Chaque année, des milliers de disciples du Sak Yant, le tatouage bouddhiste, se font encrer au temple de Wat Bang Phra.
Chaque année, des milliers de disciples du Sak Yant, le tatouage bouddhiste, se font encrer au temple de Wat Bang Phra. Début mars, le célèbre sanctuaire thaïlandais organise le festival Wai Khru dédié aux maîtres tatoueurs. Les Sak Yant protègent ses disciples et leur confèrent des pouvoirs surnaturels. Durant le festival, les possédés du Yantra entrent en transe et sèment le chaos. Ils laissent dans leur sillage une forte aura mystique.
Texte : Alexandra Bay – Article publié dans Tatouage Magazine
À 50 km à l’ouest de Bangkok, Wat Bang Phra est le temple des dévots du Sak Yant.
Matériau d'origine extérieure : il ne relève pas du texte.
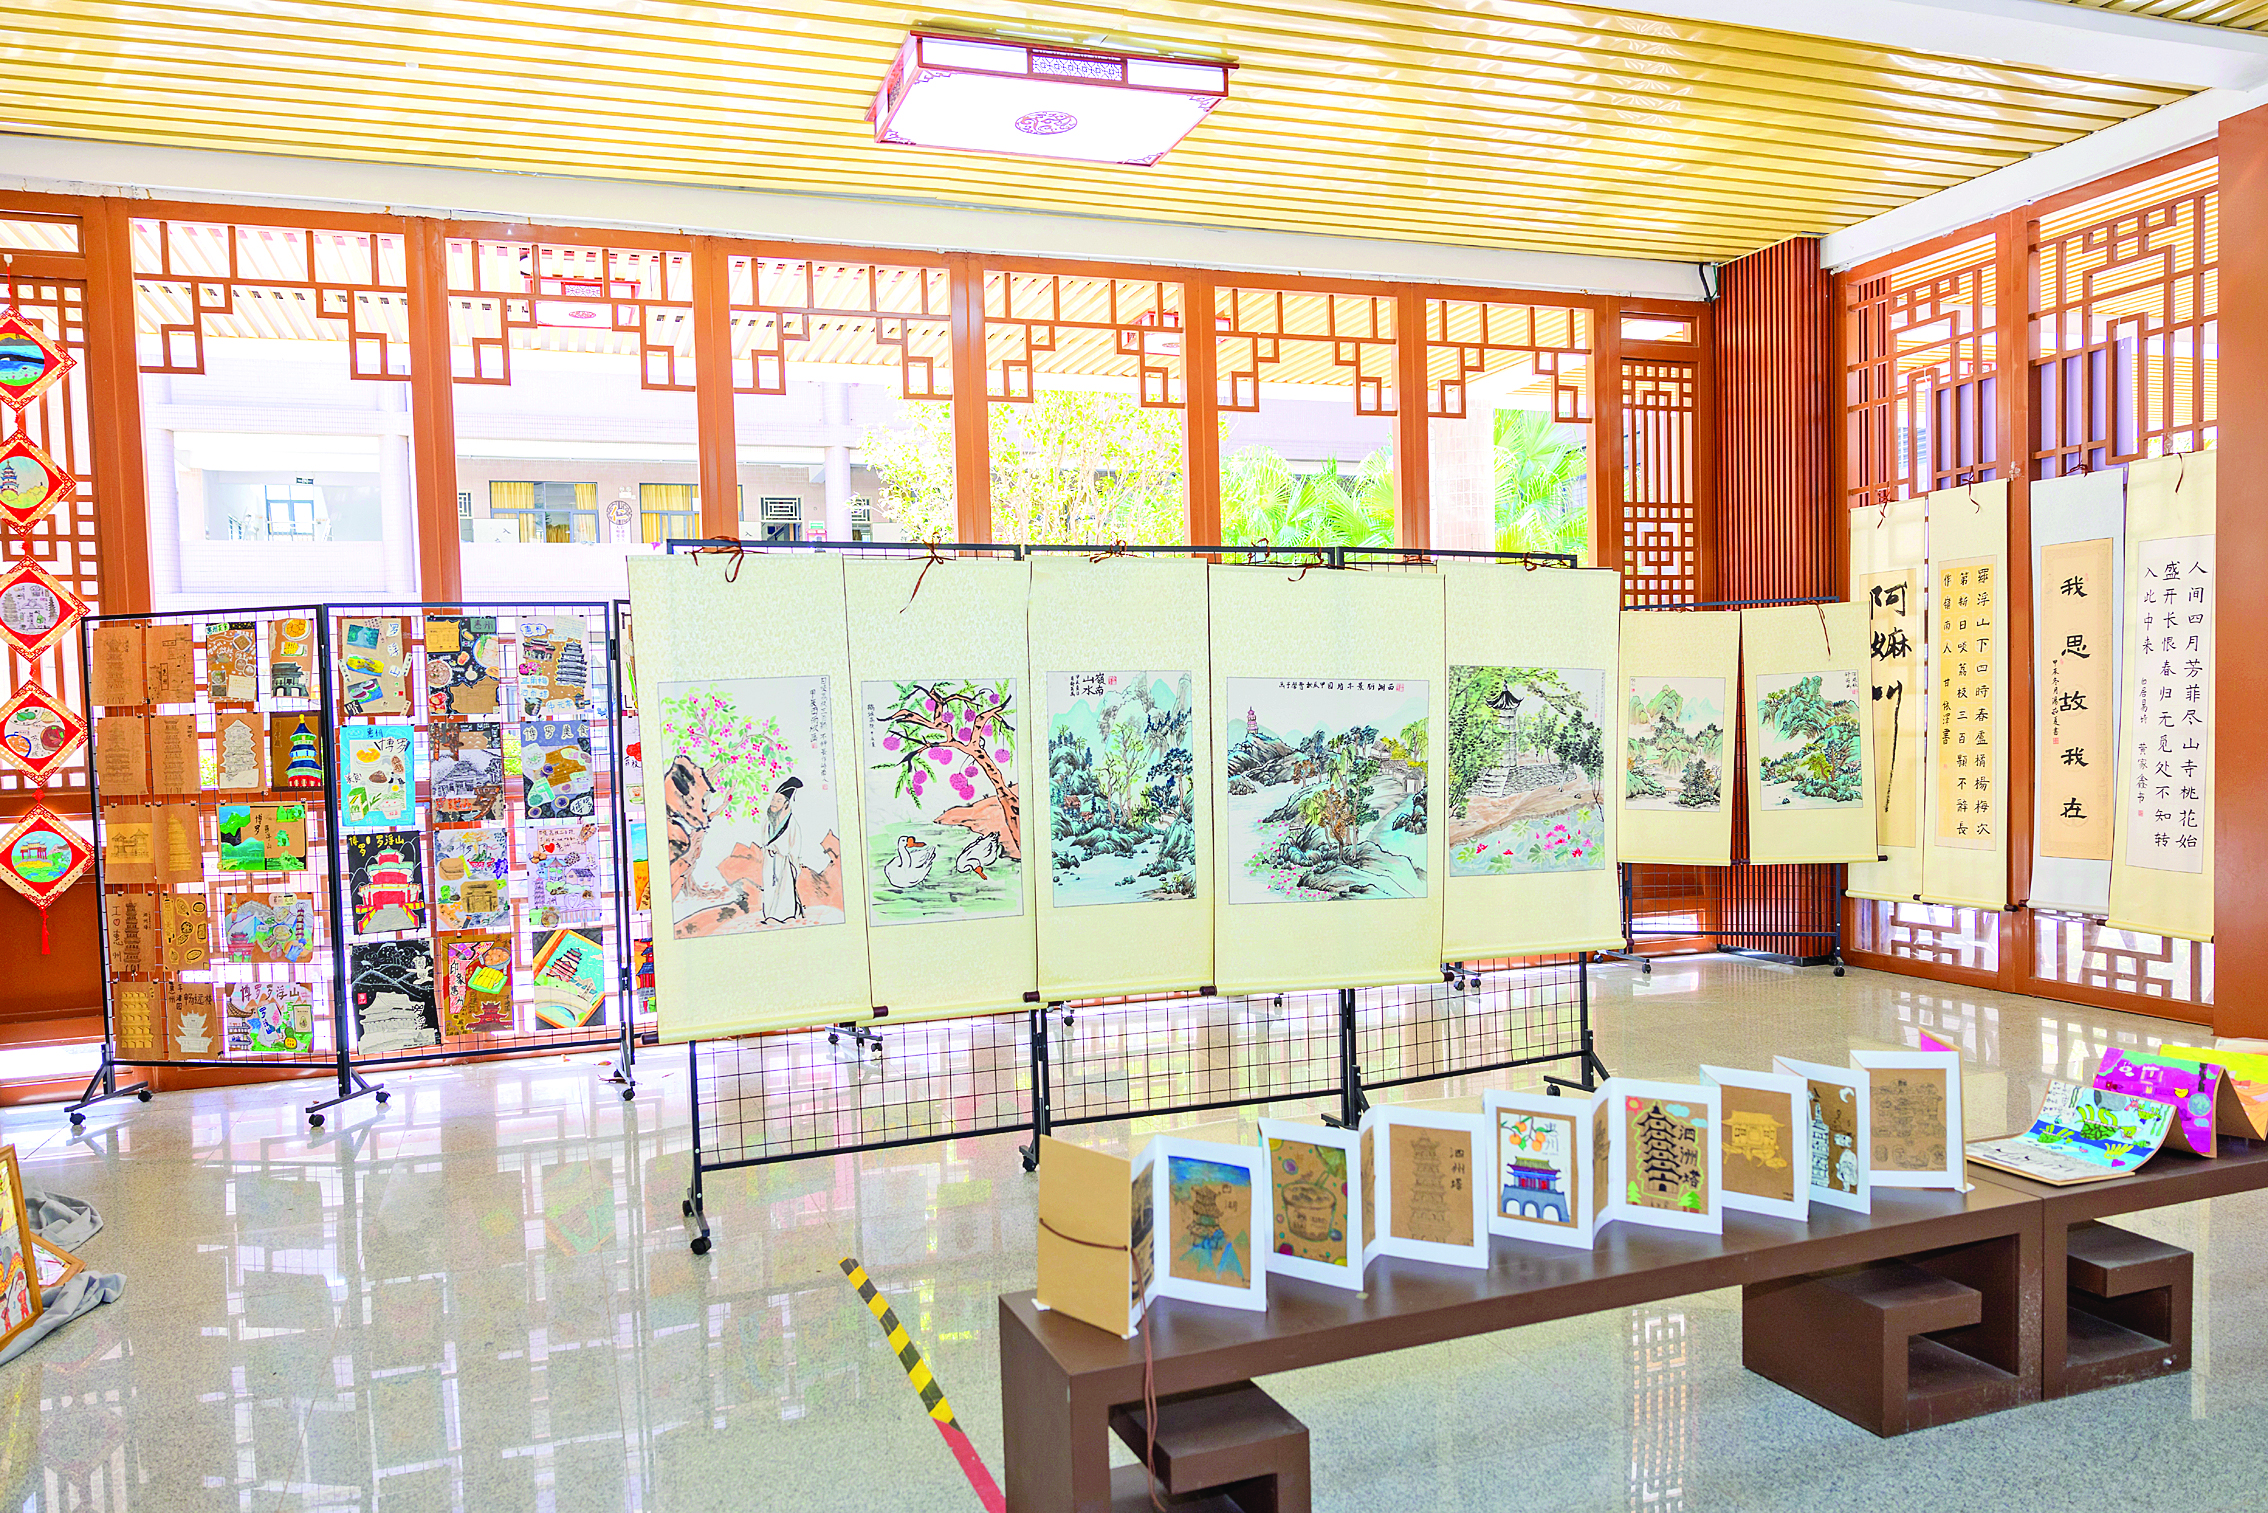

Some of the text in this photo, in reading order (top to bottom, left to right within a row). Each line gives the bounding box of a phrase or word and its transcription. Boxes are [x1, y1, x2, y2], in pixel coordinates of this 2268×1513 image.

[1081, 675, 1097, 696] 山水
[2059, 575, 2091, 820] 我思故我在
[2142, 566, 2159, 656] 入此中来
[2155, 560, 2181, 848] 盛开长恨春归无觅处不知转
[2175, 560, 2209, 850] 人间四月芳菲尽山寺桃花始
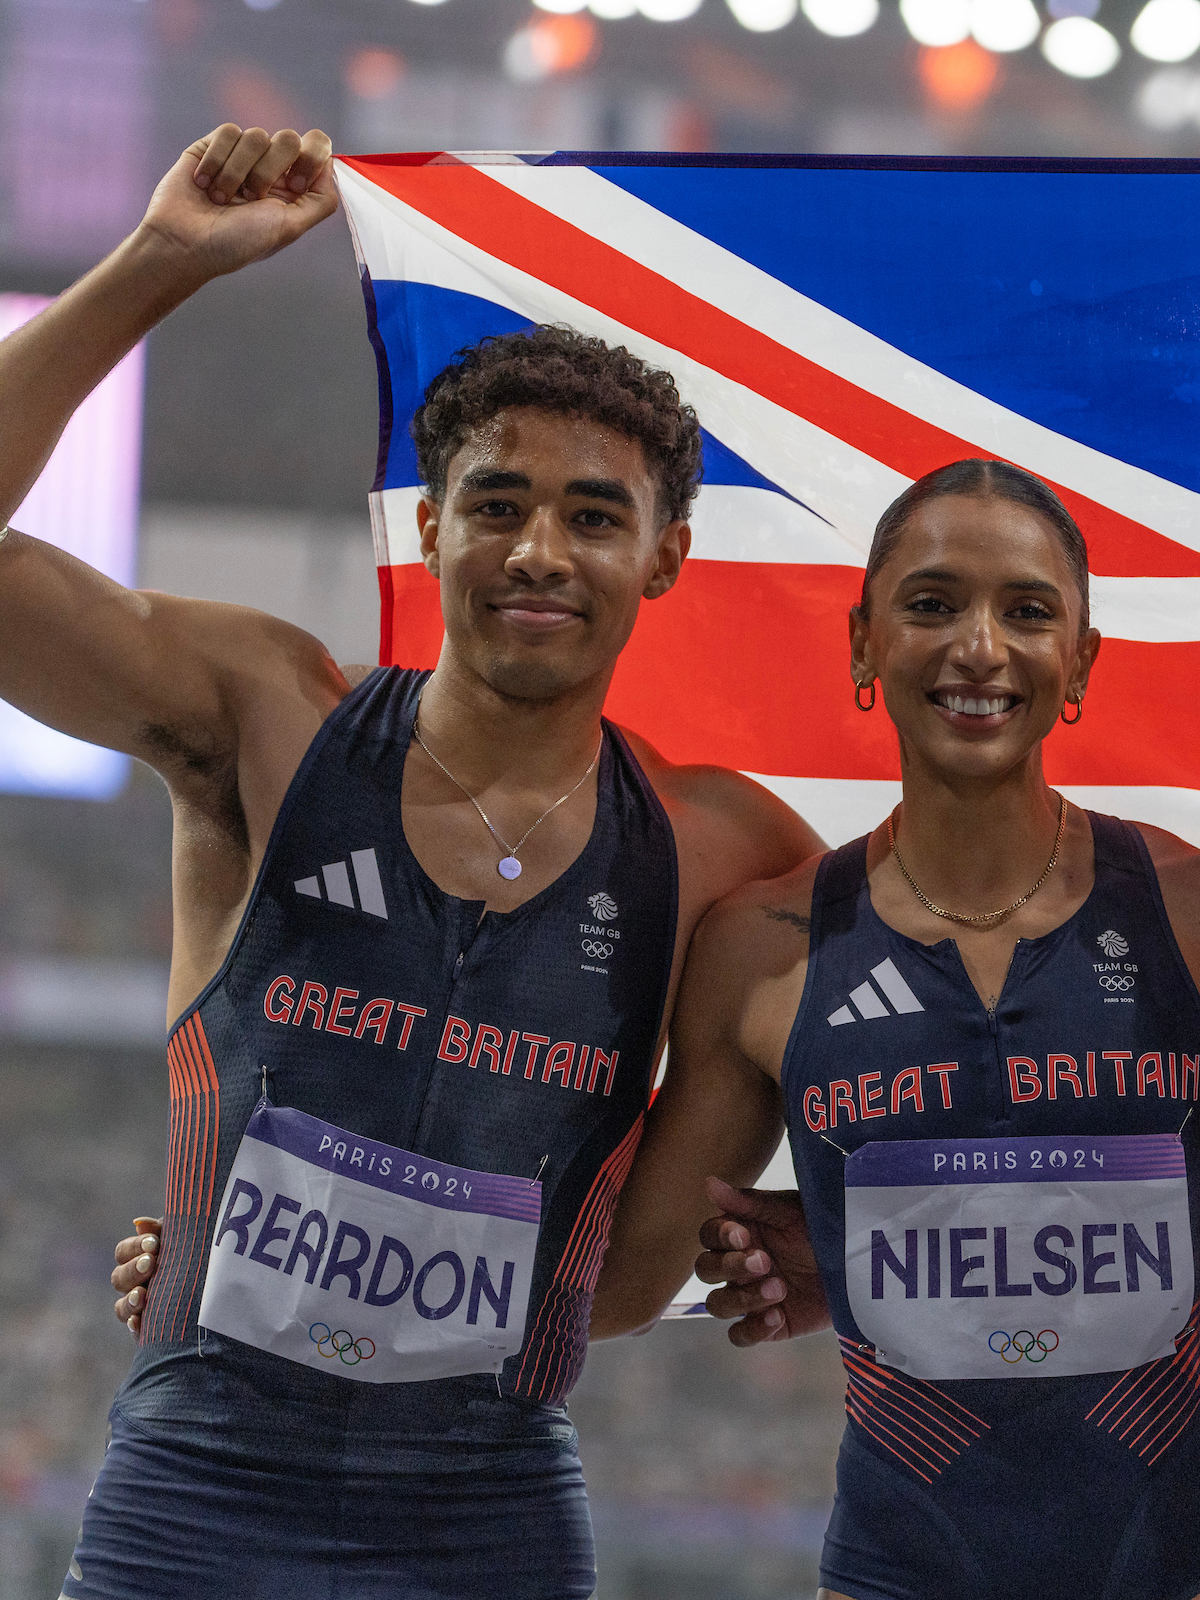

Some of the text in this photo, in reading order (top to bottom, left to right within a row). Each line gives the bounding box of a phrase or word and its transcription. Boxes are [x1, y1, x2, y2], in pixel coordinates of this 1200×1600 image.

[579, 923, 621, 939] TEAM GB
[1093, 962, 1139, 973] TEAM GB
[263, 974, 621, 1096] GREAT BRITAIN
[802, 1049, 1200, 1133] GREAT BRITAIN
[402, 1164, 473, 1200] 2024
[1029, 1149, 1104, 1169] 2024
[214, 1177, 516, 1330] REARDON
[870, 1221, 1175, 1300] NIELSEN
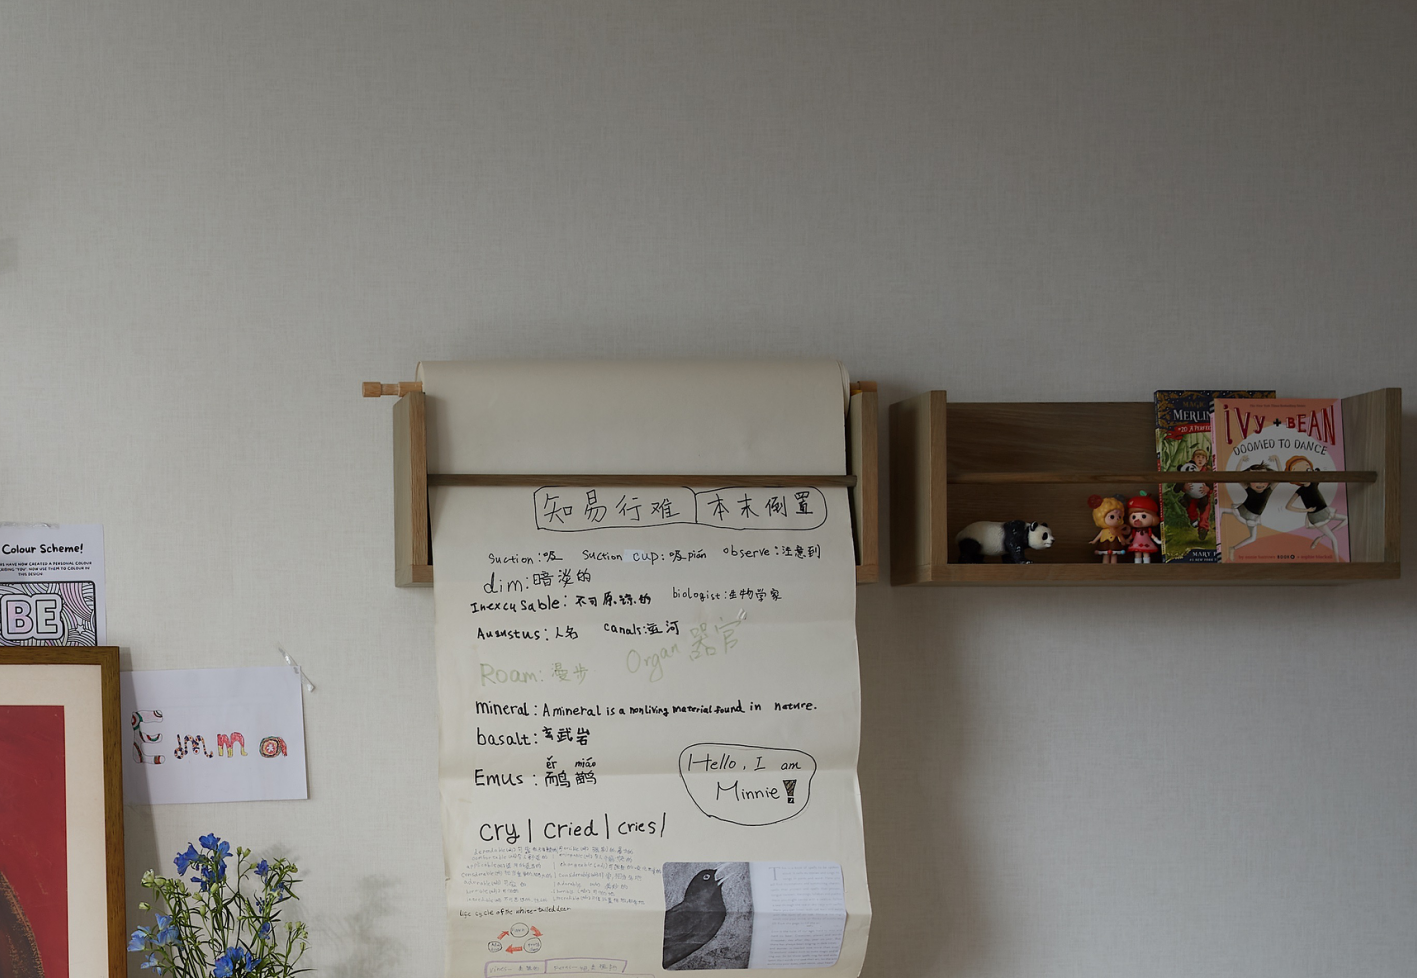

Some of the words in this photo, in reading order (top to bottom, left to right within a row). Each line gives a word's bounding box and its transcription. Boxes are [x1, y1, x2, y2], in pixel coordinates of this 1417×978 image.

Le mot Sak signifie tatouer et le Yant est un dessin géométrique agrémenté de Katas, des prières bouddhistes. Début mars, le festival annuel Wai Khru accueille plus de 15 000 disciples, des Thaïlandais, mais aussi des touristes de passage. En Thaïlande, le Wai Khru est une cérémonie commune à toutes les professions. Le mot Khru — ou Kru — est une contraction du thaïlandais Kuru, traduction du sanscrit Guru qui veut dire enseignant.
Ainsi, le festival Wai Khru du temple de Wat Bang Phra rend hommage à ses professeurs tatoueurs, les Khru Sak. Experts du Sak Yant, les maîtres lisent le Pali une langue indienne très ancienne. Ils maîtrisent l’alphabet khmer et les Yant. Ils connaissent par cœur les chants de bénédiction et insufflent des pouvoirs occultes aux Sak Yant.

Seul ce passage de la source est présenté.